Leave out the images and set down the records below exactly.

━━━━━ The data

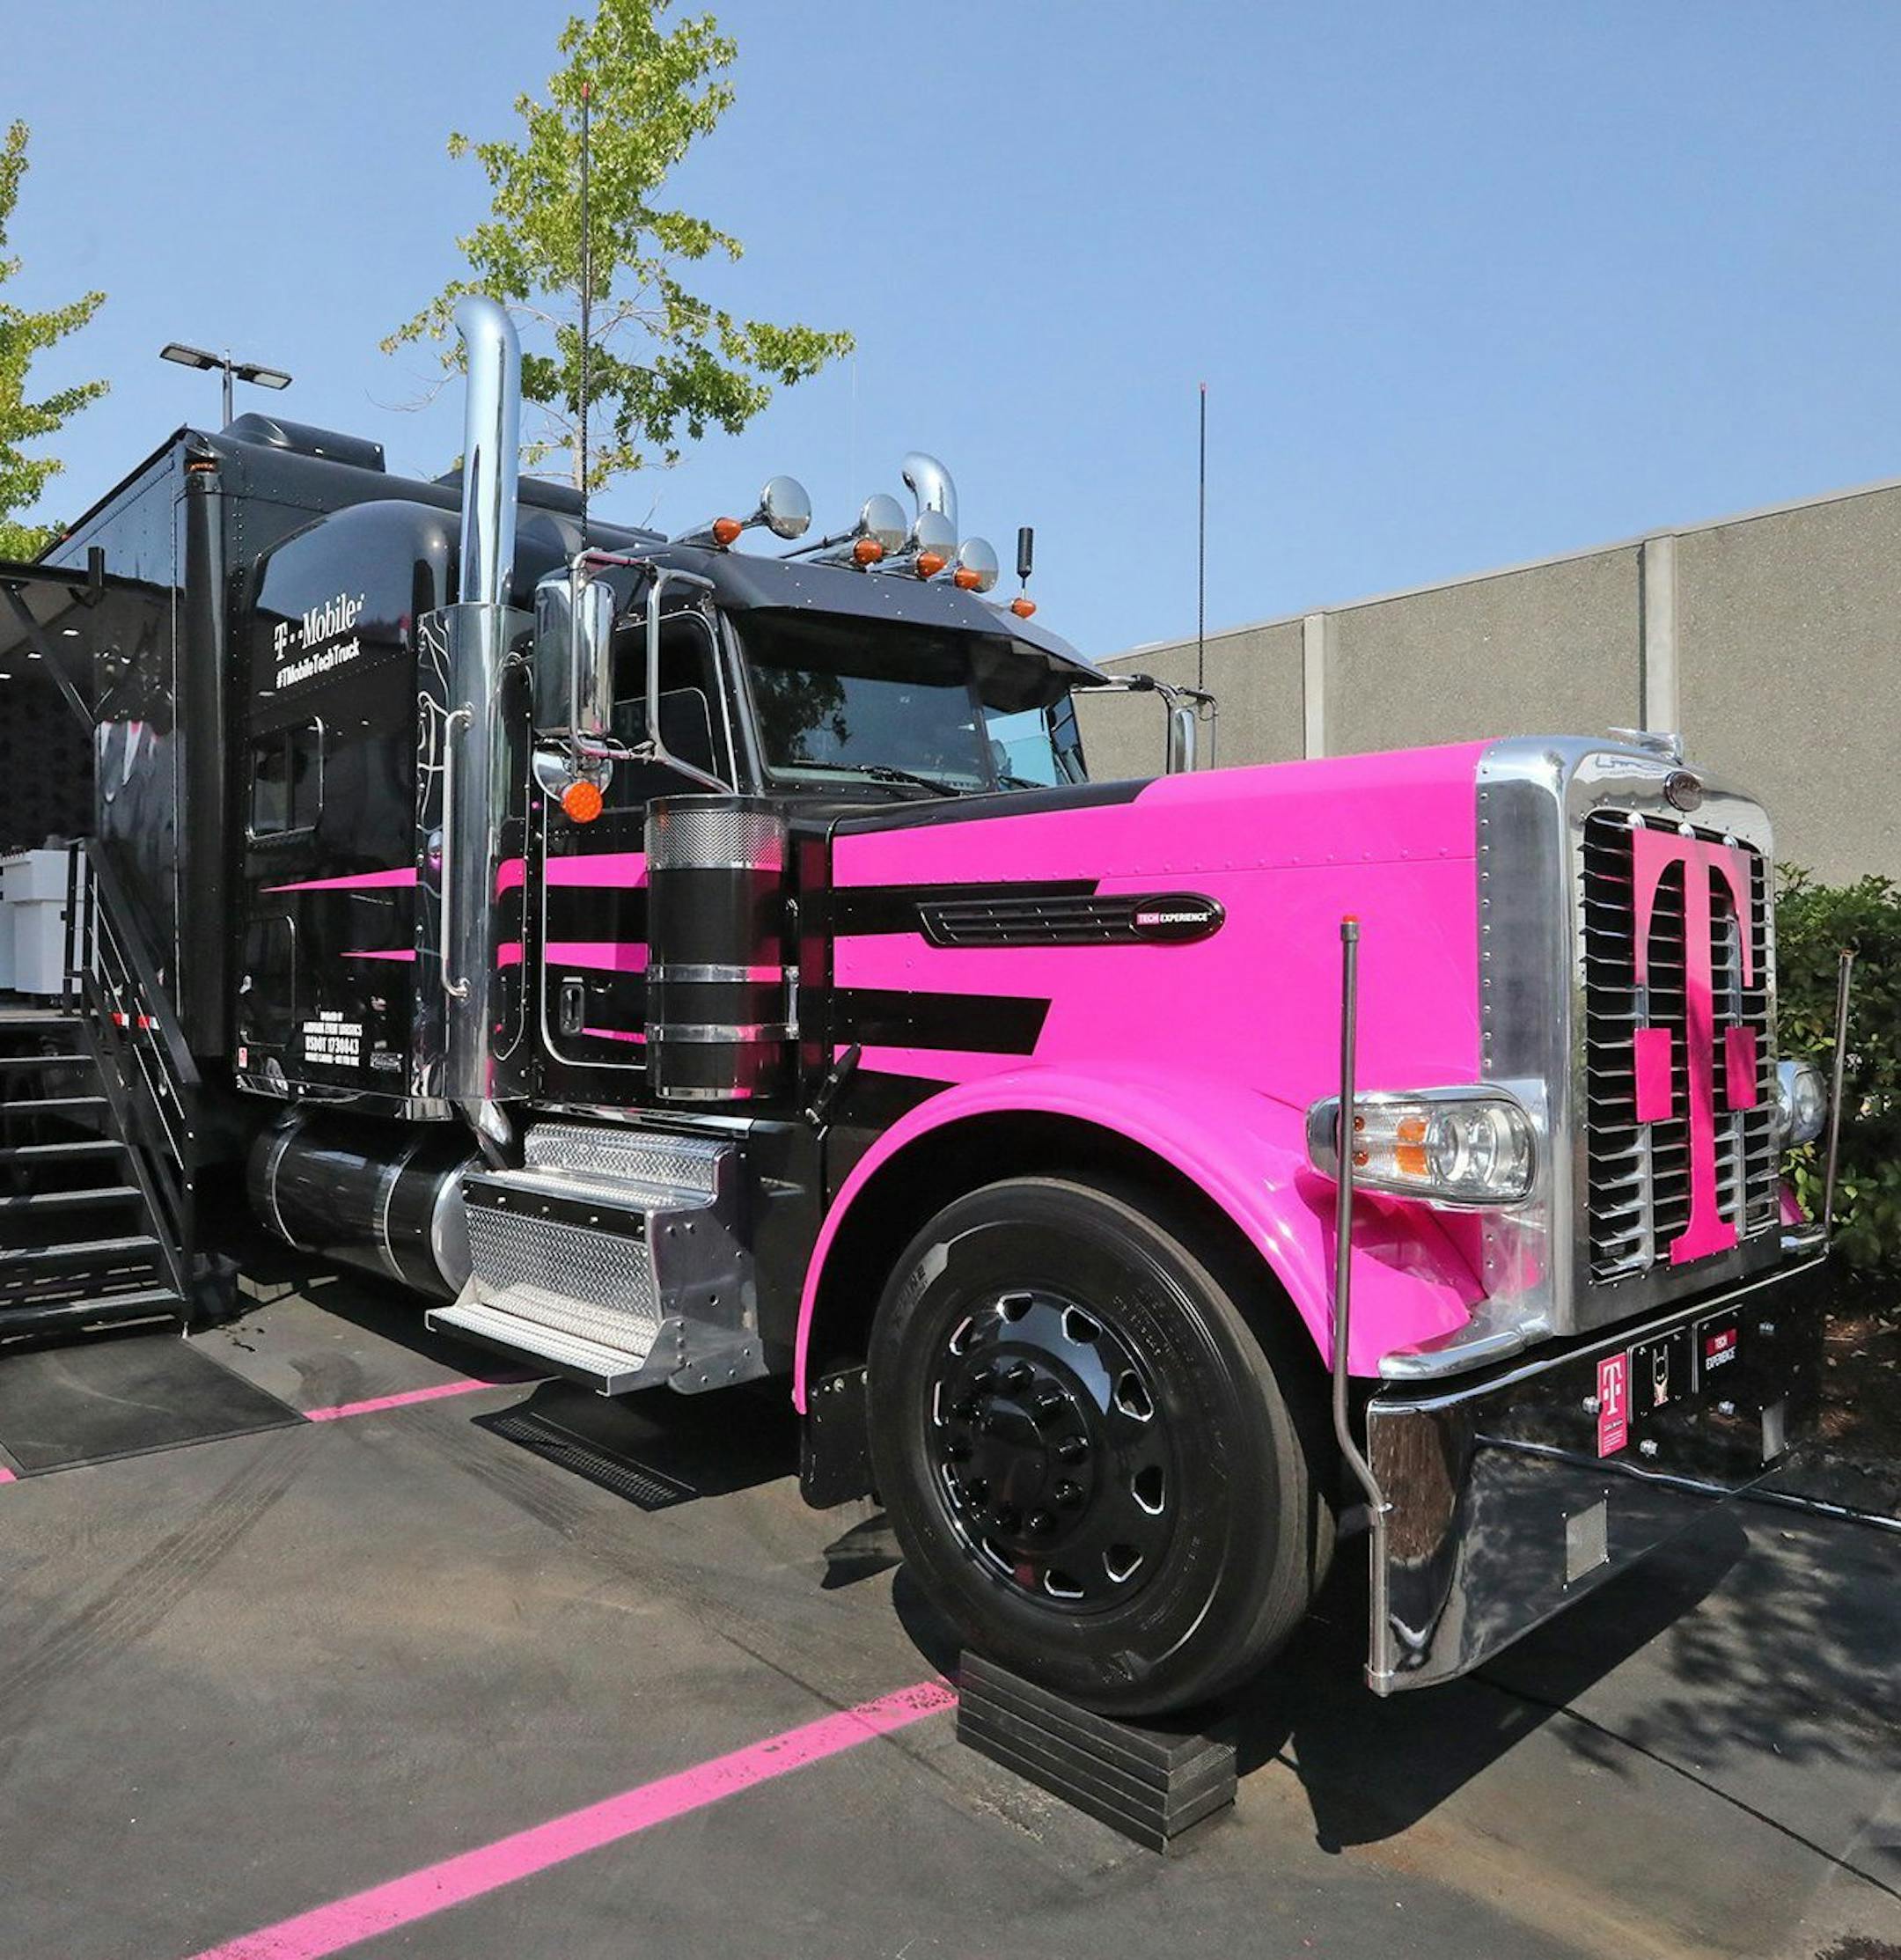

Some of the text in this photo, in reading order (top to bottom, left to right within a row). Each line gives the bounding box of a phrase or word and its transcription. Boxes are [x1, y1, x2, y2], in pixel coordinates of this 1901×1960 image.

[1137, 912, 1207, 925] TECH EXPERIENCE
[1633, 828, 1756, 1265] T
[1603, 1362, 1623, 1415] T
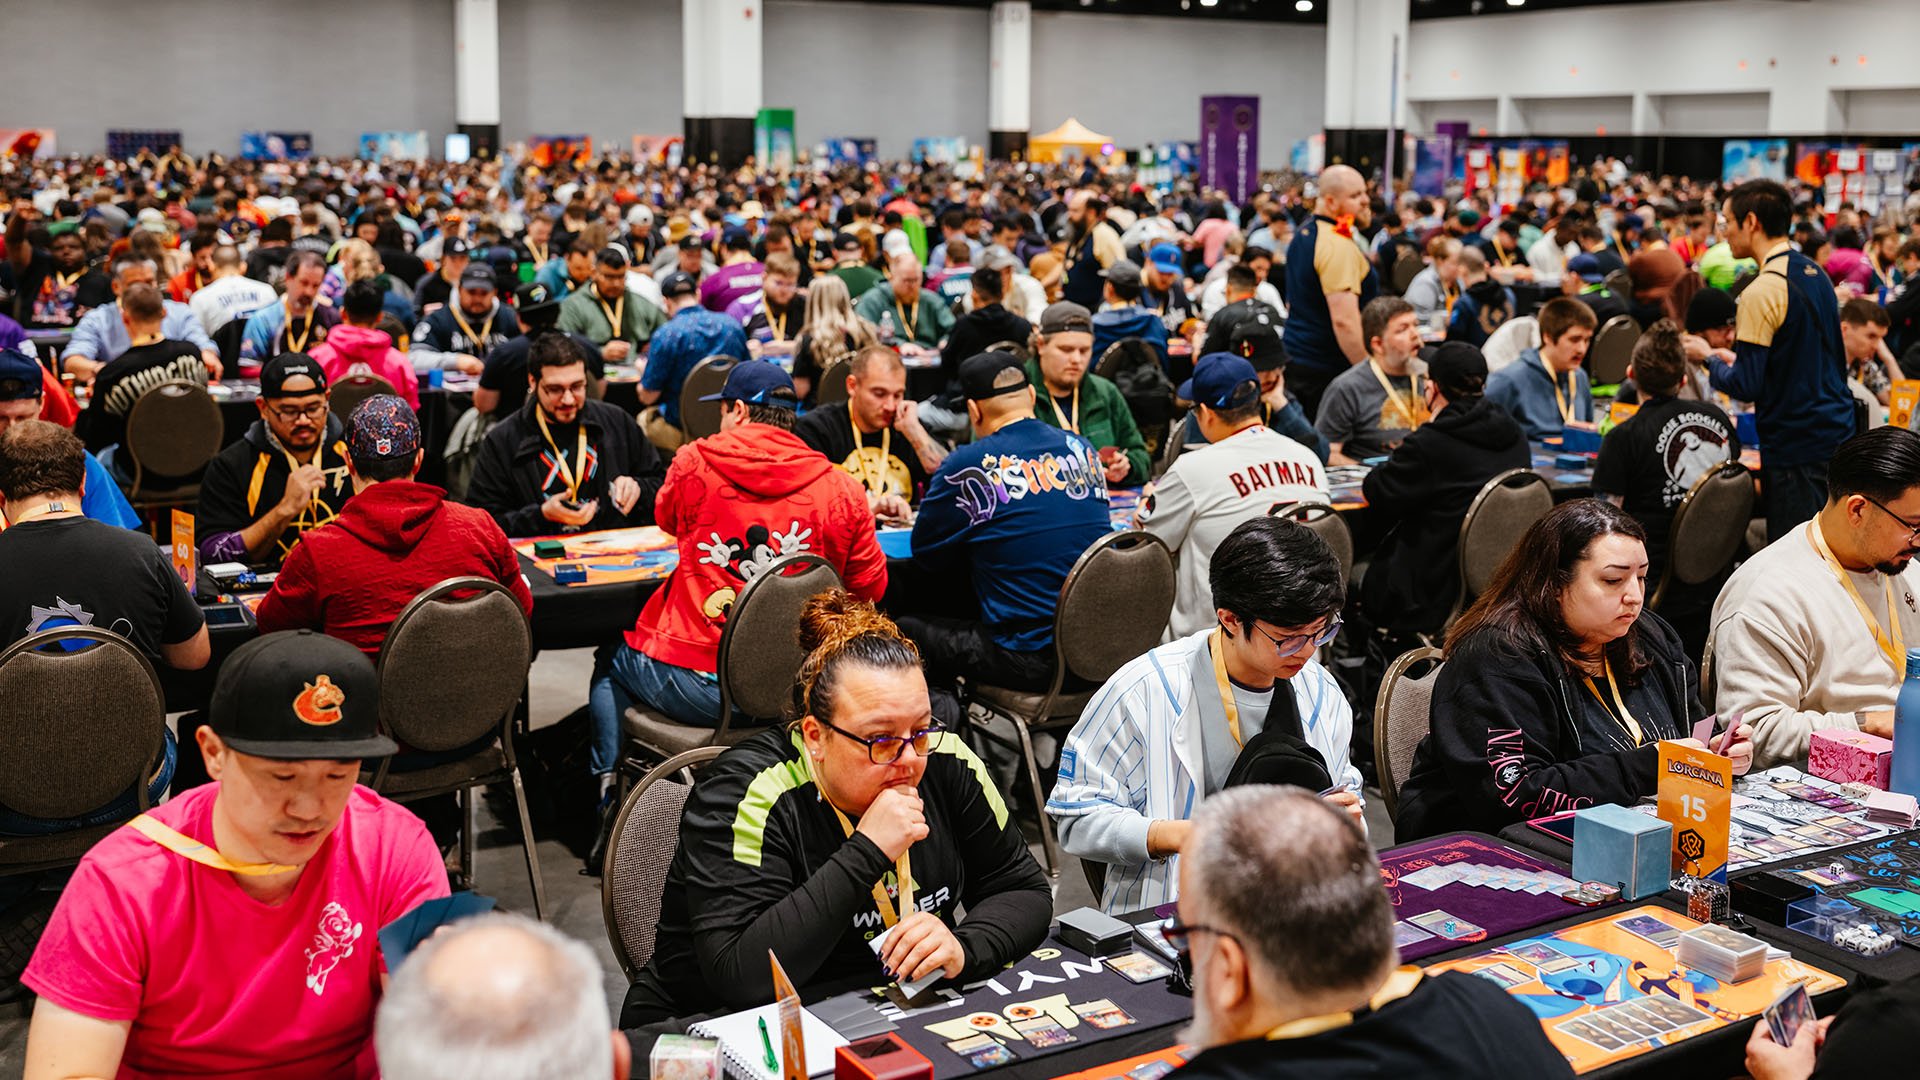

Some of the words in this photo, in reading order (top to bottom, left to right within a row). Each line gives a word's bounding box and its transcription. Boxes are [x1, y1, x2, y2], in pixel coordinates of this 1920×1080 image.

[1655, 417, 1679, 454] OOGIE
[944, 434, 1108, 526] Disneyl
[1229, 461, 1317, 498] BAYMAX
[177, 542, 189, 560] 60
[1667, 758, 1725, 788] LORCANA
[1680, 794, 1707, 822] 15
[853, 886, 950, 928] WYDER

━━━━━━━━━━

> [Answer box]
Some of the text in this photo, in reading order (top to bottom, left to right within a row). Each line gives the bounding box of a phrase or word and its transcription. Boxes are [x1, y1, x2, y2], in pixel coordinates of this 1901×1960 image.

[1137, 912, 1207, 925] TECH EXPERIENCE
[1633, 828, 1756, 1265] T
[1603, 1362, 1623, 1415] T

Some of the words in this photo, in reading order (top to bottom, left to right within a row). Each line gives a word's bounding box and its transcription. Boxes are [x1, y1, x2, y2], in pixel coordinates of this 1920×1080 image.

[1655, 417, 1679, 454] OOGIE
[944, 434, 1108, 526] Disneyl
[1229, 461, 1317, 498] BAYMAX
[177, 542, 189, 560] 60
[1667, 758, 1725, 788] LORCANA
[1680, 794, 1707, 822] 15
[853, 886, 950, 928] WYDER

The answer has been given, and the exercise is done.